The pathophysiology underlying the relationship between DM and HF is complex and only partially understood [7, 8]. DM promotes the onset and progression of HF through atherosclerosis, ischemic heart disease, and loss of myocardial function [8, 9]; hyperglycemia itself has detrimental effects on the myocardium [10]. Furthermore, DM can induce other risk factors for HF (or enhance their effects), including arterial hypertension, atherogenic dyslipidemia, thrombogenesis, and inflammation [8].
Among the detrimental effects of HF, the promotion of a hypercoagulable state has been repeatedly described [11]. This contributes to the higher risk of ischemic stroke which is found in patients with HF [12], even in the absence of other known causes of thromboembolic risk, such as atrial fibrillation (AF) [13]. DM bolsters thromboembolic risk [14] and has been described as a potential factor that defines a subgroup of patients with HF and reduced ejection fraction (HFrEF) that may be at particularly higher risk of stroke [15]. Hence, it would be anticipated that different antithrombotic drugs may have different effects in the “high-risk” DM subgroup.
The Warfarin versus Aspirin in Reduced Cardiac Ejection Fraction (WARCEF) trial compared warfarin vs. aspirin in patients with HFrEF and sinus rhythm and found no significant differences in the primary composite outcome of ischemic stroke, intracerebral hemorrhage, or death from any cause [16]. A previous comprehensive analysis of WARCEF subgroups showed that the effect of treatment did not differ in patients with and without DM, both before and after adjustment for multiple covariates [17]. Beyond this, however, the effects of DM in this context remain unclear.
In this additional post hoc analysis of the WARCEF trial, our primary aim was to analyze the association between DM and prognosis of patients with HFrEF. We also explore whether there may be a different effect of warfarin vs. aspirin in some subgroups of DM patients.
Methods
Full details on the design, follow-up, and primary results of the WARCEF trial were previously reported [16, 18]. Briefly, the trial was conducted between October 2002 and January 2010 and enrolled 2305 patients with HFrEF. Patients eligible for inclusion were adults (≥ 18 years) with HFrEF (left ventricular ejection fraction ≤ 35% assessed by echocardiography, or radionuclide or contrast ventriculography within 3 months before randomization), normal sinus rhythm, and no contraindication to receive warfarin therapy; those with a clear indication for either warfarin or aspirin were not eligible for inclusion.

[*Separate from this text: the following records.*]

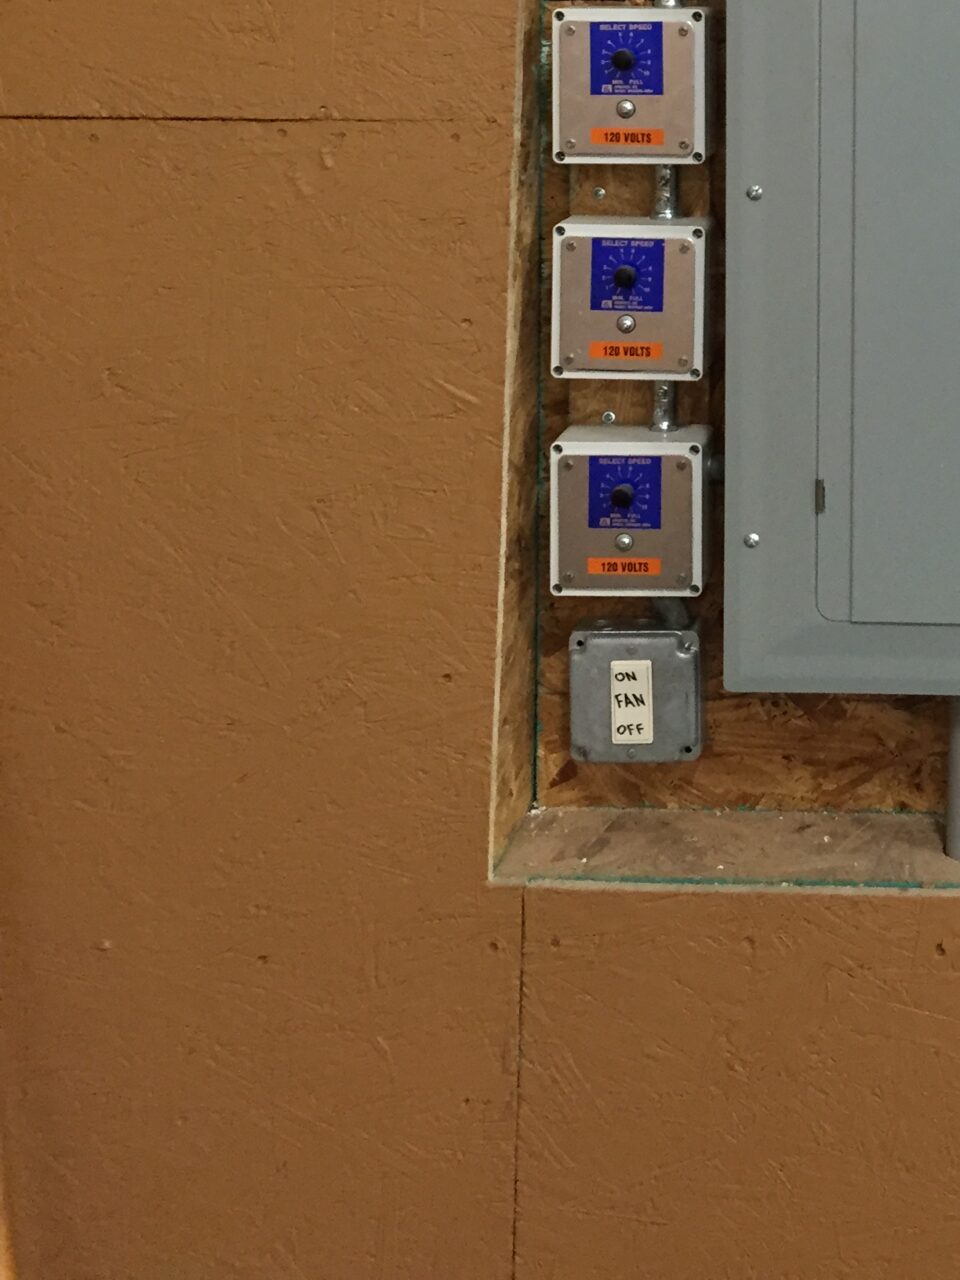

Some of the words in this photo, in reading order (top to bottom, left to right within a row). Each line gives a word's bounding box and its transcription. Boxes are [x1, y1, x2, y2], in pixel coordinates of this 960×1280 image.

[604, 132, 621, 142] 120
[624, 132, 652, 143] VOLTS
[603, 346, 619, 356] 120
[623, 346, 651, 357] VOLTS
[601, 562, 618, 572] 120
[621, 562, 649, 572] VOLTS
[614, 671, 637, 682] ON
[614, 693, 646, 708] FAN
[616, 723, 645, 735] OFF
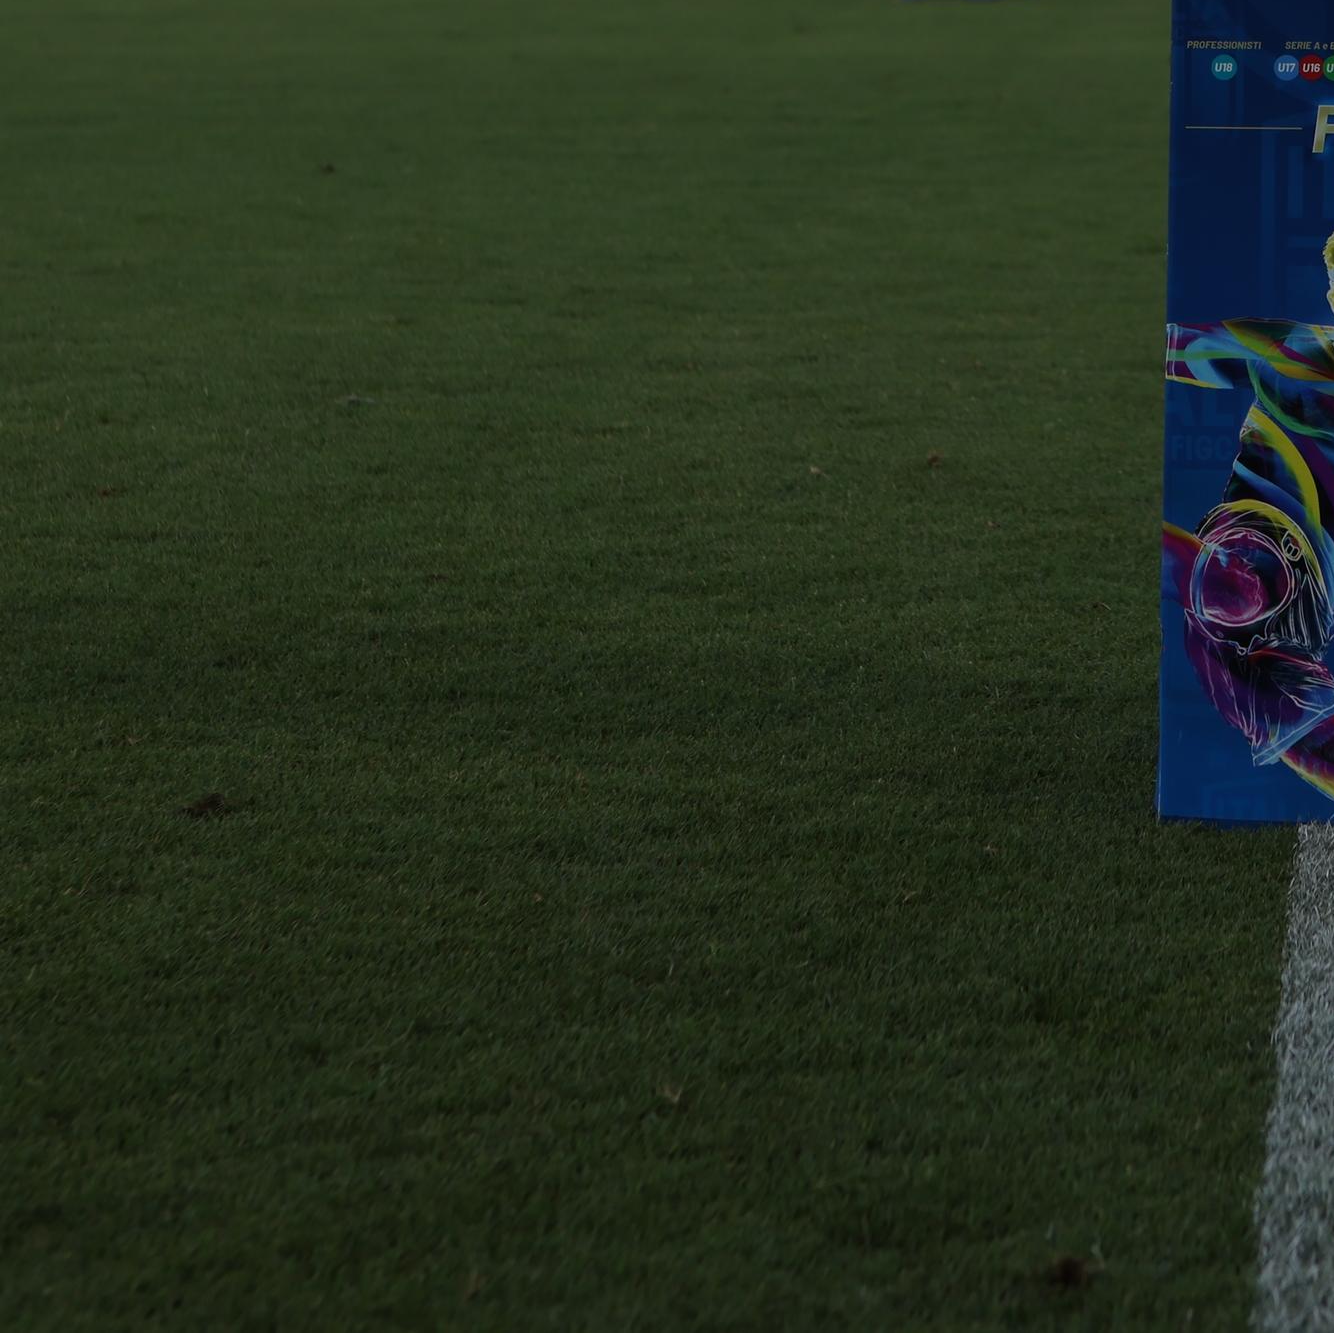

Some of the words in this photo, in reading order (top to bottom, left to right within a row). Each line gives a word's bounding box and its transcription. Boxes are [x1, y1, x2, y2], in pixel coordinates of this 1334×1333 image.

[1186, 40, 1262, 50] PROFESSIONISTI
[1285, 41, 1312, 50] SERIE
[1313, 41, 1321, 50] A
[1214, 62, 1233, 73] U18
[1278, 63, 1296, 73] U17
[1302, 63, 1321, 73] U16
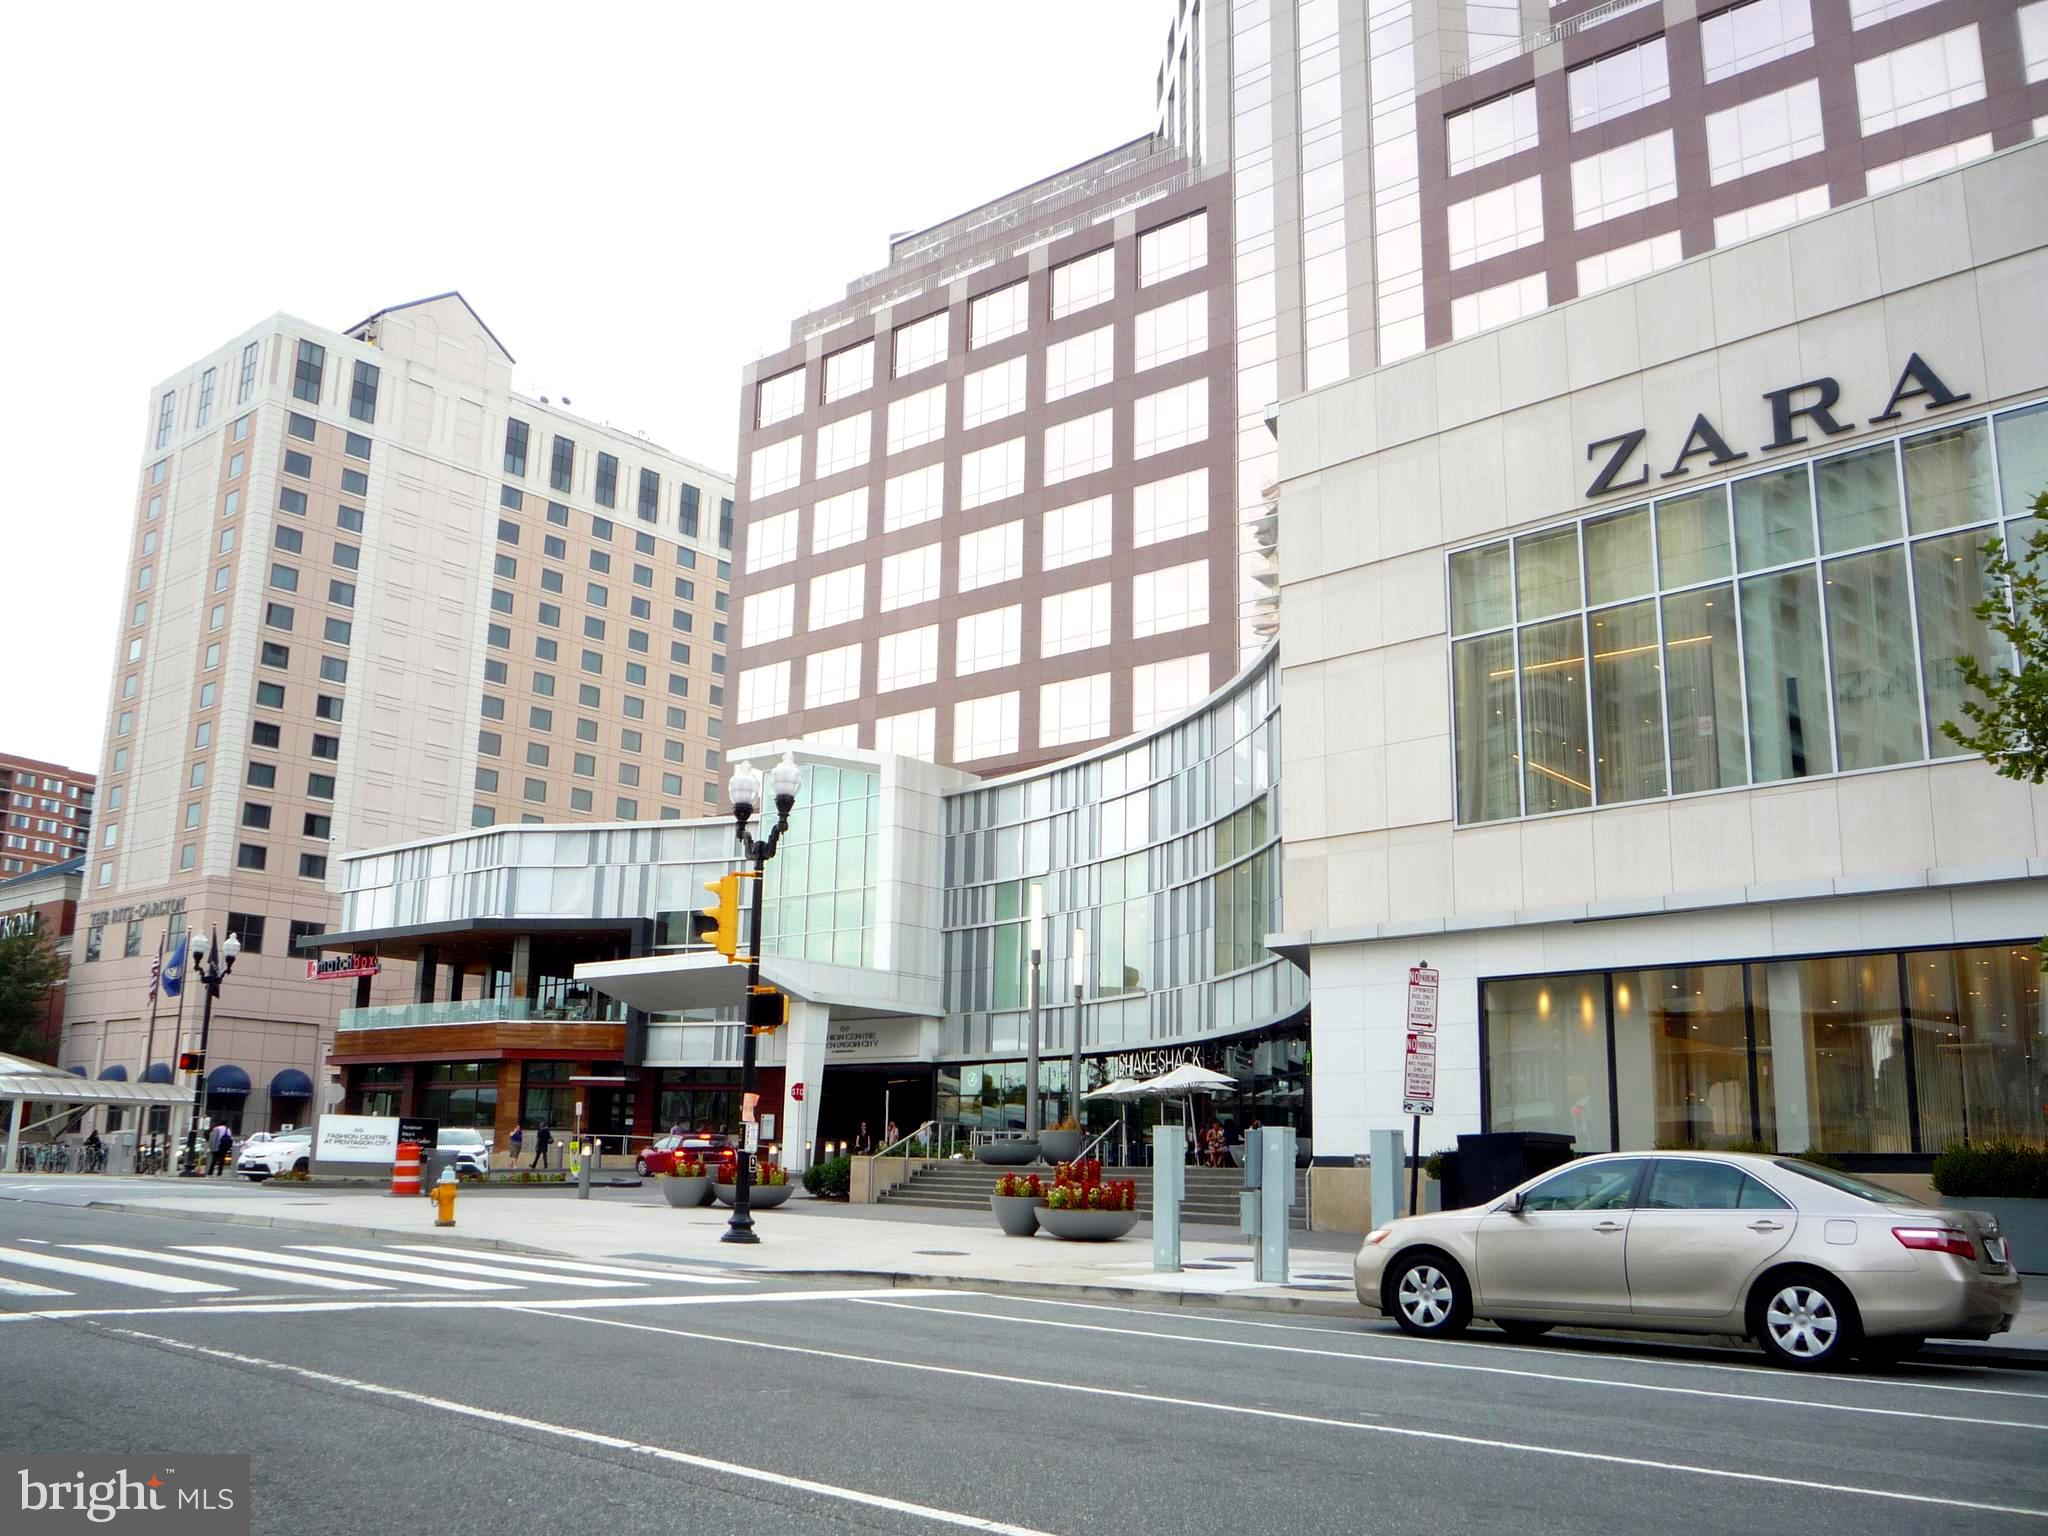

Moreover, while patients in any functional class of the New York Heart Association (NYHA) classification could be included, patients in NYHA class I could account for ≤ 20% of the total sample size. Other eligibility criteria included a modified Rankin score ≤ 4 and planned treatment with beta-blockers, angiotensin-converting enzyme inhibitor (or angiotensin receptor blocker where indicated), or hydralazine and nitrates [16]. The main exclusion criteria were conditions associated with a high risk of cardiac embolism, such as atrial fibrillation (AF), mechanical heart valve, endocarditis, or intracardiac mobile or pedunculated thrombus. Follow-up was performed with an initial planned maximum duration of 5 years, further extended to 6 years; the trial’s primary outcome was the composite of ischemic stroke (IS), intracerebral hemorrhage (ICH), or death from any cause. The study adhered to the principles of the Declaration of Helsinki; the study protocol was approved by the international review boards and ethics boards of participating centers, and written informed consent was provided by all patients. The trial was registered at ClinicalTrials.gov (NCT00041938).
For each patient, baseline information on medical history and comorbidities, including the presence of DM, was collected using the customized Web-based WARCEF data management system. For this analysis, we included all patients with data available on the presence of DM at baseline.
Study outcomes
Full details on the outcome definition and adjudication in WARCEF are reported elsewhere [16, 18]. The aim of the WARCEF trial was to compare warfarin vs. aspirin, on a primary composite outcome of ischemic stroke, intracerebral hemorrhage, or death from any cause, analyzed in a time-to-first event fashion. In this post hoc analysis, we aimed to evaluate the association between DM and prognosis of patients with HFrEF, on the primary outcome as defined in the WARCEF trial. We also evaluated other exploratory secondary outcomes (i.e., the individual components of the primary composite outcome: all-cause death, IS, or ICH) and also explored if there was a different effect of warfarin vs. aspirin in some subgroups of patients with DM.
Statistical analysis
Continuous variables were expressed as mean and standard deviation (SD), and differences were evaluated using Student’s t-test. Categorical variables were reported as counts and percentages, and differences were evaluated using the chi-square test.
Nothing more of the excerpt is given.